Dan Heilman//May 18, 2023
For many of us, the Jerry Lewis MDA Labor Day Telethon was an annual tradition that was benign, or maybe even inspiring. People with disabilities saw it another way.
“The sales methods they used were based on pity,” said attorney Chad Wilson, who has a form of muscular dystrophy. “Lewis called wheelchairs steel prisons. I understood then that we don’t want pity.”
The tone of the telethon was but one example of how people with disabilities have been misunderstood and mistreated for much of United States history. That dynamic was part of a recent CLE presented by the Minnesota Attorney General’s Office.
“Disability Awareness, Rights, and Justice” took a historical and regulatory look at how people with disabilities are regarded and accommodated. The program looked at the history of the disability community, the Americans with Disability Act (ADA), state policy and tips and resources for engaging with the disability community in government work and in the judicial system.
The history of how people with disabilities have been treated in the United States is not pretty. Methods of eugenics used on people with disabilities, including forced sterilization, were on state law books barely a century ago.

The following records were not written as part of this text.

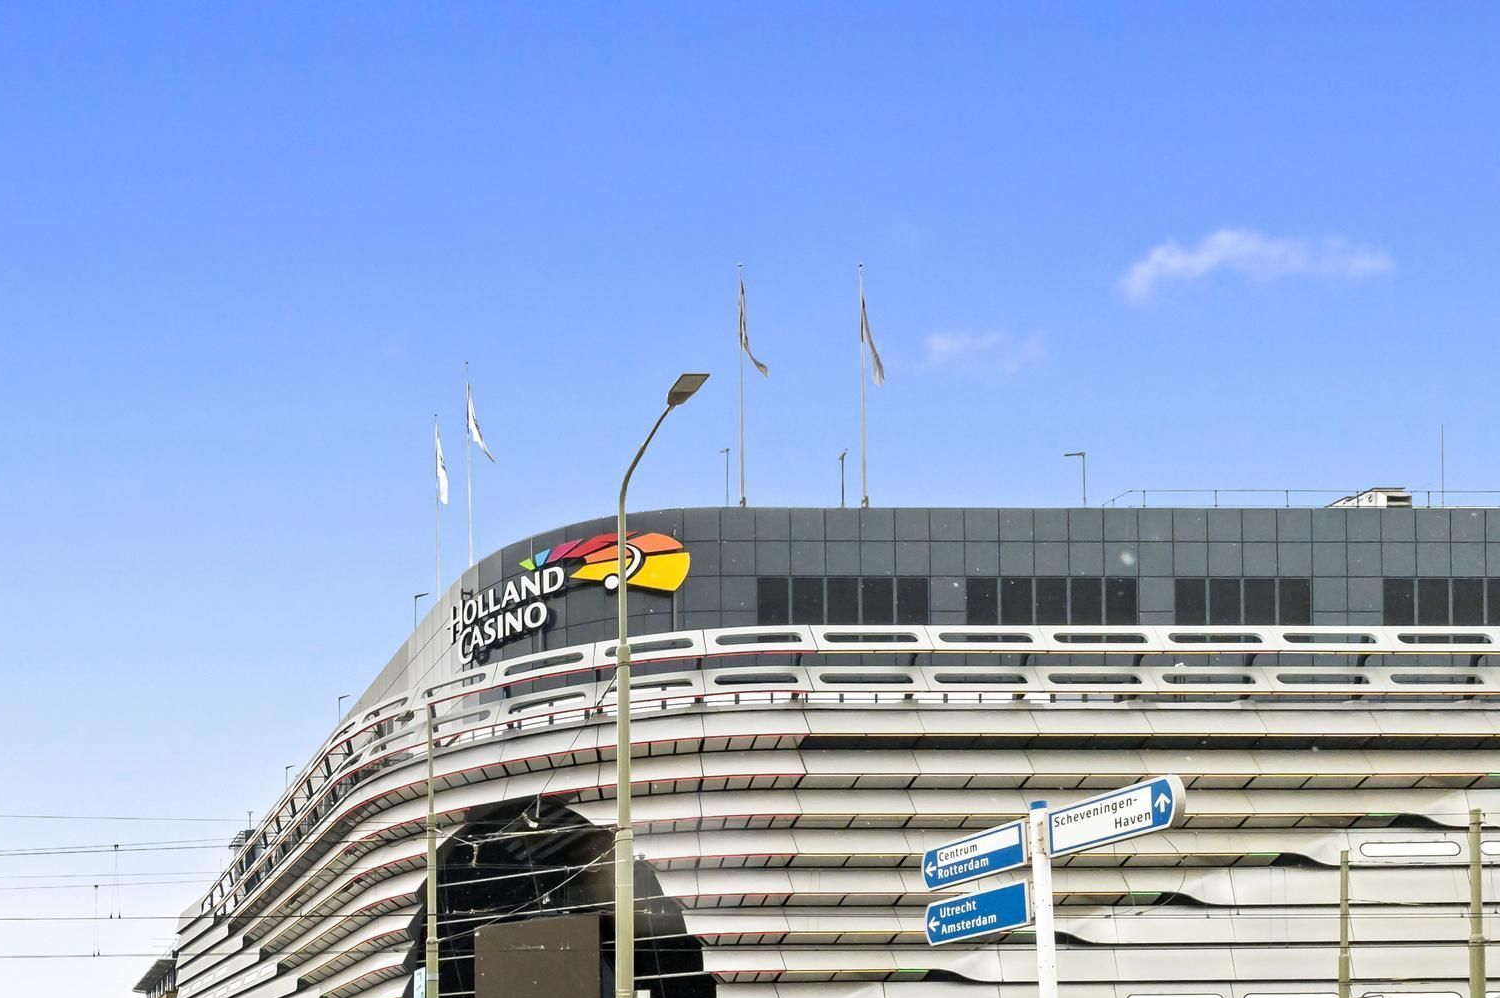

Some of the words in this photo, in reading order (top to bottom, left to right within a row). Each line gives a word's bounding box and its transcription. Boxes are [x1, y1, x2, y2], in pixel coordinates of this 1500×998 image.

[447, 566, 565, 645] HOLLAND
[457, 601, 548, 665] CASINO
[1053, 796, 1138, 828] Scheveningen-
[1114, 811, 1151, 830] Haven
[938, 843, 978, 862] Centrum
[937, 856, 989, 880] Rotterdam
[939, 899, 977, 919] Utrecht
[941, 913, 997, 935] Amsterdam

A 1927 United States Supreme Court decision in Buck v. Bell legitimized Virginia’s sterilization procedures until they were repealed in 1974. “Three generations of imbeciles are enough,” was one comment from the court’s opinion.

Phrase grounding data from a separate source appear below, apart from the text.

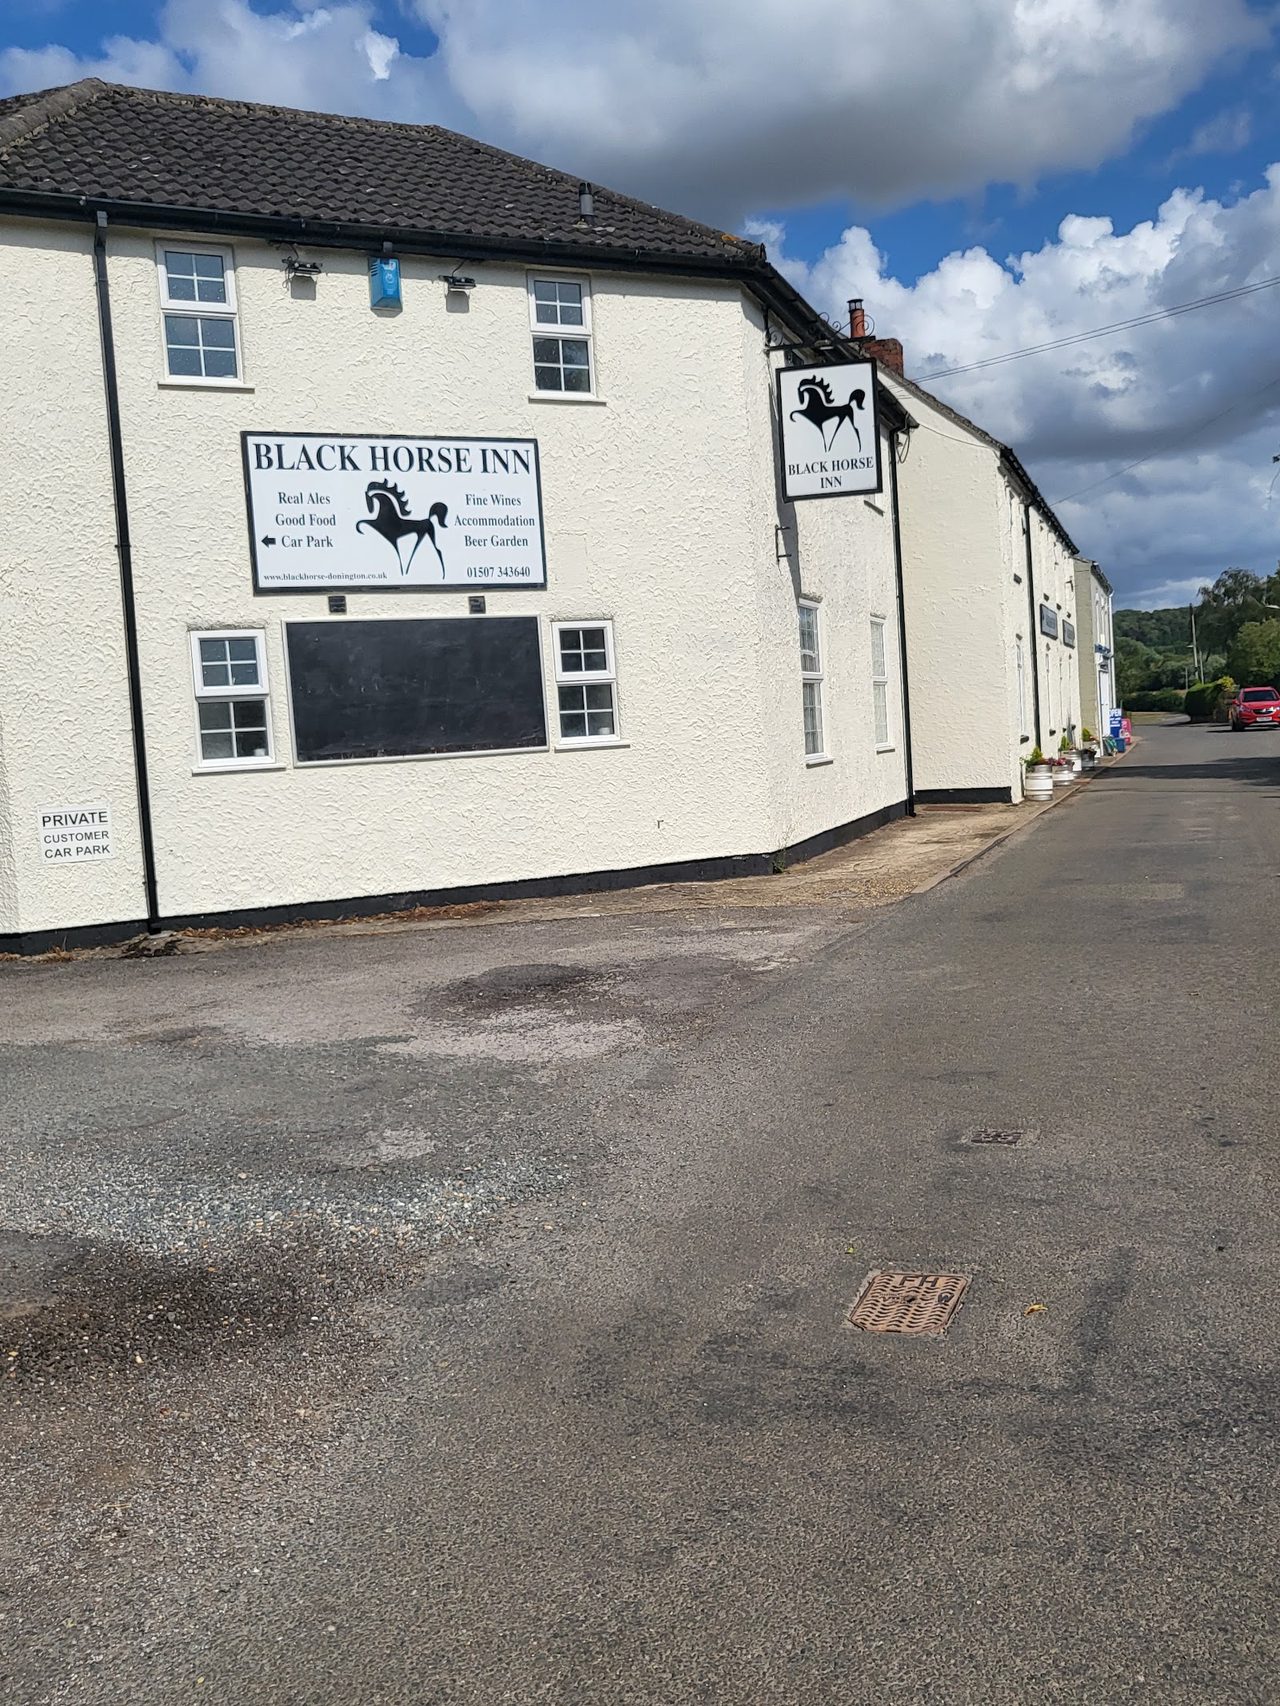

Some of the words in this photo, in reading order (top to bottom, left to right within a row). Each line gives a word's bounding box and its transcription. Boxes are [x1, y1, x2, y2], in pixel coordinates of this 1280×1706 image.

[252, 443, 362, 471] BLACK
[368, 445, 473, 473] HORSE
[480, 448, 530, 474] INN
[788, 460, 829, 476] BLACK
[832, 456, 875, 472] HORSE
[820, 475, 842, 489] INN
[278, 491, 303, 505] Real
[307, 492, 331, 505] Ales
[465, 494, 488, 506] Fine
[490, 494, 522, 506] Wines
[275, 513, 306, 527] Good
[309, 513, 336, 527] Food
[454, 514, 536, 527] Accommodation
[281, 535, 303, 548] Car
[306, 535, 334, 548] Park
[464, 535, 488, 547] Beer
[491, 534, 529, 547] Garden
[263, 572, 388, 582] www.blackhorse-donington.co.uk
[466, 566, 495, 578] 01507
[497, 566, 531, 578] 343640
[42, 811, 109, 827] PRIVATE
[43, 830, 110, 845] CUSTOMER
[44, 847, 72, 859] CAR
[76, 844, 111, 857] PARK

“Counsel during the Nuremburg trials cited this decision to defend their methods,” said Wilson, an assistant supervising attorney with the Minnesota Disability Law Center. “Buck has been chipped away at, but never completely overturned.”
Another milestone in laws around disabilities took place in 1990: the “Capitol Crawl,” a protest in which people with disabilities crawled up the U.S. Capitol steps demanding passage of the ADA, which happened four months later.
“Those stairs stood for the inaccessibility of society,” said Wilson.
As it stands, the ADA has five main principles, the most well known of which are Title II and Title III.
Title II of the ADA requires state and local governments to give people with disabilities an equal opportunity to benefit from all of their programs, services, and activities.
“If I’m going to court and I’m in a wheelchair, can I get up the stairs?” asked Justin Page, also an assistant supervising attorney with the Minnesota Disability Law Center. “Are the sidewalks in repair? If I’m deaf, can I get access to an interpreter? Agencies are tasked with removing those barriers. That’s why agencies have ADA coordinators.”
Title III prohibits discrimination based on disability in places of public accommodation. That’s where things can get tricky, because mandated accommodations can affect commerce.
“The main difference is in the phrase ‘readily achievable,’” said David Fenley, ADA director for the Minnesota Council on Disability. “Title III entities aren’t as required to be as accessible. They can avoid those things if it costs too much. If a mom-and-pop flower shop has two levels, and an elevator will cost $150,000, the point of the ADA is not to put them out of business.”
At the same time, though, a business like that would be expected to provide an accommodation that’s readily achievable, such as photos of what’s available on the second level. Businesses have a responsibility to determine if something is readily achievable. But it’s bad form for business owners to boast about accommodating people with disabilities.
“Businesses say they’re ADA-compliant with a tone of pride, even though they’re just following the law,” said Fenley. “Without realizing it, they’re telling me that I need to be happy with the bare minimum.”
Perceptions of disabilities are often defined by the differences between what are commonly called the medical model and the social model. The medical model of disability says that illness or disability is the result of a physical condition and is intrinsic to the individual and may reduce the individual’s quality of life.
The social model, on the other hand, views disability as stemming from communities, services and spaces that are not accessible or inclusive. In the social model of disability, it is society that places limits on a person, not their disability.
“Systems are designed for a majority, and that’s where the social model fits in,” said Fenley. “Not everyone fits into those spaces. Cultural barriers are as important as physical barriers.”
All three panelists pointed to the importance of language in how people with disabilities are perceived and addressed. The primary contrast is between people-first language (e.g., a person with a disability) versus identity-first language (disabled person).
“Disability is a secondary aspect,” said Wilson. “People-first separates the person from the disability in defining their worth. If you’re not sure, use people-first language.”